__Source information__
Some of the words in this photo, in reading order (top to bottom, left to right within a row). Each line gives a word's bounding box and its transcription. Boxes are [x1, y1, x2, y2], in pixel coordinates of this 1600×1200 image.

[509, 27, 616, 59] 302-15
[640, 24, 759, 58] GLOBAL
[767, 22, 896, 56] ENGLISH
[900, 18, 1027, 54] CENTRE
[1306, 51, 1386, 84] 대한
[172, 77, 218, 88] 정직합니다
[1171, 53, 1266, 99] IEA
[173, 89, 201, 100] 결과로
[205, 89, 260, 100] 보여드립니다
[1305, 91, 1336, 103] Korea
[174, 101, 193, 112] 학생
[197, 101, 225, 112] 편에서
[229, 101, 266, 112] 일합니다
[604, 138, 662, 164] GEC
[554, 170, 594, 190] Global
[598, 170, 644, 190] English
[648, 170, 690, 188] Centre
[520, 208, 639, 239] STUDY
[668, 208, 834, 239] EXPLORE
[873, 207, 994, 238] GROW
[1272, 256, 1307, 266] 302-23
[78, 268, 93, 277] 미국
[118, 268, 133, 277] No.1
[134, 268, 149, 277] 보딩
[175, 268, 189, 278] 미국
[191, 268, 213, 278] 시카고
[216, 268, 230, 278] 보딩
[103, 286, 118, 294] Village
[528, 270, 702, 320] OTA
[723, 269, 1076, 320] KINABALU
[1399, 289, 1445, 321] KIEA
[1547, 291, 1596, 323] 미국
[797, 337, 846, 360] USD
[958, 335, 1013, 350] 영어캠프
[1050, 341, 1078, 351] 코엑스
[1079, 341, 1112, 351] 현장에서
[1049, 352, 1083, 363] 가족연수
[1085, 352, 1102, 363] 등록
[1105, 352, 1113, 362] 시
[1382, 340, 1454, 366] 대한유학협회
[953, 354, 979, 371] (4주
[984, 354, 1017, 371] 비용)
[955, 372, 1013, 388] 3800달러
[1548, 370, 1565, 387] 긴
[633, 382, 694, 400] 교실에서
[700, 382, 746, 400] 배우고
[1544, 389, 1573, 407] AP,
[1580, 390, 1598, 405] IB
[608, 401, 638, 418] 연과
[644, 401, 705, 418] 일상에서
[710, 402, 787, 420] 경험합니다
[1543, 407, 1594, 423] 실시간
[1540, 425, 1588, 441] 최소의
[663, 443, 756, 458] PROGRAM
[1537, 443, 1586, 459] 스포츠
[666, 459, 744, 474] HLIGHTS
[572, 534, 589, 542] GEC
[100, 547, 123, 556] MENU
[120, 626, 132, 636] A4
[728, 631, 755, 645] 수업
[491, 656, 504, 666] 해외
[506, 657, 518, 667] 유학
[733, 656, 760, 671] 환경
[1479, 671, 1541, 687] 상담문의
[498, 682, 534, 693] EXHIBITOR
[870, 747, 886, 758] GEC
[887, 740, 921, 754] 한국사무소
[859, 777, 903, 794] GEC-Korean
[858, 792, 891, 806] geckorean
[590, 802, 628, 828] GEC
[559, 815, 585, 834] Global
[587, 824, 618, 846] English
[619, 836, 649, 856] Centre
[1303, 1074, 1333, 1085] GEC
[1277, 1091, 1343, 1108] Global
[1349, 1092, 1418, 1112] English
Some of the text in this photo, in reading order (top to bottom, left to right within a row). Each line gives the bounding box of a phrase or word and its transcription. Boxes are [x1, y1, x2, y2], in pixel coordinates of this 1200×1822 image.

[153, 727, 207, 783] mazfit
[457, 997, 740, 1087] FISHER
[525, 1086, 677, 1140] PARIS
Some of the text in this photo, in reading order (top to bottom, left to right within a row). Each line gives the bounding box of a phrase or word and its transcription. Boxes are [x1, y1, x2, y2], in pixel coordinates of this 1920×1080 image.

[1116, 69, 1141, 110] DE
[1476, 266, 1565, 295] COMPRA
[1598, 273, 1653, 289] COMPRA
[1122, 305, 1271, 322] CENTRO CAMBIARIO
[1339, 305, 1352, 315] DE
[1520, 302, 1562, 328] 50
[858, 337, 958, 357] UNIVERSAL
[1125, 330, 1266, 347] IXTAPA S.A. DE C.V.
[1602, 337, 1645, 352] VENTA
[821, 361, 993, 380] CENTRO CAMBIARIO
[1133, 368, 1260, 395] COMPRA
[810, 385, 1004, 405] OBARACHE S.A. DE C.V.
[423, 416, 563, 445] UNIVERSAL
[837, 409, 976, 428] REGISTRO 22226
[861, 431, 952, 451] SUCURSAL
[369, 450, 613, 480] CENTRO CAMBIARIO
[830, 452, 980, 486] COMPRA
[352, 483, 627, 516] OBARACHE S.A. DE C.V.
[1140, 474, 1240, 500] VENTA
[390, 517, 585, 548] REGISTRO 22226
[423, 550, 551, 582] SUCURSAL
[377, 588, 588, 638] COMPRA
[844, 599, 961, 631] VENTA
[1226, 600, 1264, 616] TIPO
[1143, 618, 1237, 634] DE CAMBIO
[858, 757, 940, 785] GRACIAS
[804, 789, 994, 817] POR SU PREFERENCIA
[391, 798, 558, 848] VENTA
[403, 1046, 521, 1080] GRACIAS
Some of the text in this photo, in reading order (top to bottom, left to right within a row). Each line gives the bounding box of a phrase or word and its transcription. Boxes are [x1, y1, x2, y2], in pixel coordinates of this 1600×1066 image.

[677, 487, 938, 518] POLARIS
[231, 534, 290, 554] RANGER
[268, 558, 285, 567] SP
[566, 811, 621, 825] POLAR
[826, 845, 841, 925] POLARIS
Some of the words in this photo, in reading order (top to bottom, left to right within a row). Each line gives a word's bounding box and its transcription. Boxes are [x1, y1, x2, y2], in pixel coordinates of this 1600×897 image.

__What the exercise asks__
Extract every entry above as it appears.

__Task response__
Some of the words in this photo, in reading order (top to bottom, left to right within a row). Each line gives a word's bounding box and its transcription. Boxes are [x1, y1, x2, y2], in pixel coordinates of this 1600×1200 image.

[509, 27, 616, 59] 302-15
[640, 24, 759, 58] GLOBAL
[767, 22, 896, 56] ENGLISH
[900, 18, 1027, 54] CENTRE
[1306, 51, 1386, 84] 대한
[172, 77, 218, 88] 정직합니다
[1171, 53, 1266, 99] IEA
[173, 89, 201, 100] 결과로
[205, 89, 260, 100] 보여드립니다
[1305, 91, 1336, 103] Korea
[174, 101, 193, 112] 학생
[197, 101, 225, 112] 편에서
[229, 101, 266, 112] 일합니다
[604, 138, 662, 164] GEC
[554, 170, 594, 190] Global
[598, 170, 644, 190] English
[648, 170, 690, 188] Centre
[520, 208, 639, 239] STUDY
[668, 208, 834, 239] EXPLORE
[873, 207, 994, 238] GROW
[1272, 256, 1307, 266] 302-23
[78, 268, 93, 277] 미국
[118, 268, 133, 277] No.1
[134, 268, 149, 277] 보딩
[175, 268, 189, 278] 미국
[191, 268, 213, 278] 시카고
[216, 268, 230, 278] 보딩
[103, 286, 118, 294] Village
[528, 270, 702, 320] OTA
[723, 269, 1076, 320] KINABALU
[1399, 289, 1445, 321] KIEA
[1547, 291, 1596, 323] 미국
[797, 337, 846, 360] USD
[958, 335, 1013, 350] 영어캠프
[1050, 341, 1078, 351] 코엑스
[1079, 341, 1112, 351] 현장에서
[1049, 352, 1083, 363] 가족연수
[1085, 352, 1102, 363] 등록
[1105, 352, 1113, 362] 시
[1382, 340, 1454, 366] 대한유학협회
[953, 354, 979, 371] (4주
[984, 354, 1017, 371] 비용)
[955, 372, 1013, 388] 3800달러
[1548, 370, 1565, 387] 긴
[633, 382, 694, 400] 교실에서
[700, 382, 746, 400] 배우고
[1544, 389, 1573, 407] AP,
[1580, 390, 1598, 405] IB
[608, 401, 638, 418] 연과
[644, 401, 705, 418] 일상에서
[710, 402, 787, 420] 경험합니다
[1543, 407, 1594, 423] 실시간
[1540, 425, 1588, 441] 최소의
[663, 443, 756, 458] PROGRAM
[1537, 443, 1586, 459] 스포츠
[666, 459, 744, 474] HLIGHTS
[572, 534, 589, 542] GEC
[100, 547, 123, 556] MENU
[120, 626, 132, 636] A4
[728, 631, 755, 645] 수업
[491, 656, 504, 666] 해외
[506, 657, 518, 667] 유학
[733, 656, 760, 671] 환경
[1479, 671, 1541, 687] 상담문의
[498, 682, 534, 693] EXHIBITOR
[870, 747, 886, 758] GEC
[887, 740, 921, 754] 한국사무소
[859, 777, 903, 794] GEC-Korean
[858, 792, 891, 806] geckorean
[590, 802, 628, 828] GEC
[559, 815, 585, 834] Global
[587, 824, 618, 846] English
[619, 836, 649, 856] Centre
[1303, 1074, 1333, 1085] GEC
[1277, 1091, 1343, 1108] Global
[1349, 1092, 1418, 1112] English
Some of the text in this photo, in reading order (top to bottom, left to right within a row). Each line gives the bounding box of a phrase or word and its transcription. Boxes are [x1, y1, x2, y2], in pixel coordinates of this 1200×1822 image.

[153, 727, 207, 783] mazfit
[457, 997, 740, 1087] FISHER
[525, 1086, 677, 1140] PARIS
Some of the text in this photo, in reading order (top to bottom, left to right within a row). Each line gives the bounding box of a phrase or word and its transcription. Boxes are [x1, y1, x2, y2], in pixel coordinates of this 1920×1080 image.

[1116, 69, 1141, 110] DE
[1476, 266, 1565, 295] COMPRA
[1598, 273, 1653, 289] COMPRA
[1122, 305, 1271, 322] CENTRO CAMBIARIO
[1339, 305, 1352, 315] DE
[1520, 302, 1562, 328] 50
[858, 337, 958, 357] UNIVERSAL
[1125, 330, 1266, 347] IXTAPA S.A. DE C.V.
[1602, 337, 1645, 352] VENTA
[821, 361, 993, 380] CENTRO CAMBIARIO
[1133, 368, 1260, 395] COMPRA
[810, 385, 1004, 405] OBARACHE S.A. DE C.V.
[423, 416, 563, 445] UNIVERSAL
[837, 409, 976, 428] REGISTRO 22226
[861, 431, 952, 451] SUCURSAL
[369, 450, 613, 480] CENTRO CAMBIARIO
[830, 452, 980, 486] COMPRA
[352, 483, 627, 516] OBARACHE S.A. DE C.V.
[1140, 474, 1240, 500] VENTA
[390, 517, 585, 548] REGISTRO 22226
[423, 550, 551, 582] SUCURSAL
[377, 588, 588, 638] COMPRA
[844, 599, 961, 631] VENTA
[1226, 600, 1264, 616] TIPO
[1143, 618, 1237, 634] DE CAMBIO
[858, 757, 940, 785] GRACIAS
[804, 789, 994, 817] POR SU PREFERENCIA
[391, 798, 558, 848] VENTA
[403, 1046, 521, 1080] GRACIAS
Some of the text in this photo, in reading order (top to bottom, left to right within a row). Each line gives the bounding box of a phrase or word and its transcription. Boxes are [x1, y1, x2, y2], in pixel coordinates of this 1600×1066 image.

[677, 487, 938, 518] POLARIS
[231, 534, 290, 554] RANGER
[268, 558, 285, 567] SP
[566, 811, 621, 825] POLAR
[826, 845, 841, 925] POLARIS
Some of the words in this photo, in reading order (top to bottom, left to right within a row). Each line gives a word's bounding box and its transcription. Boxes are [x1, y1, x2, y2], in pixel coordinates of this 1600×897 image.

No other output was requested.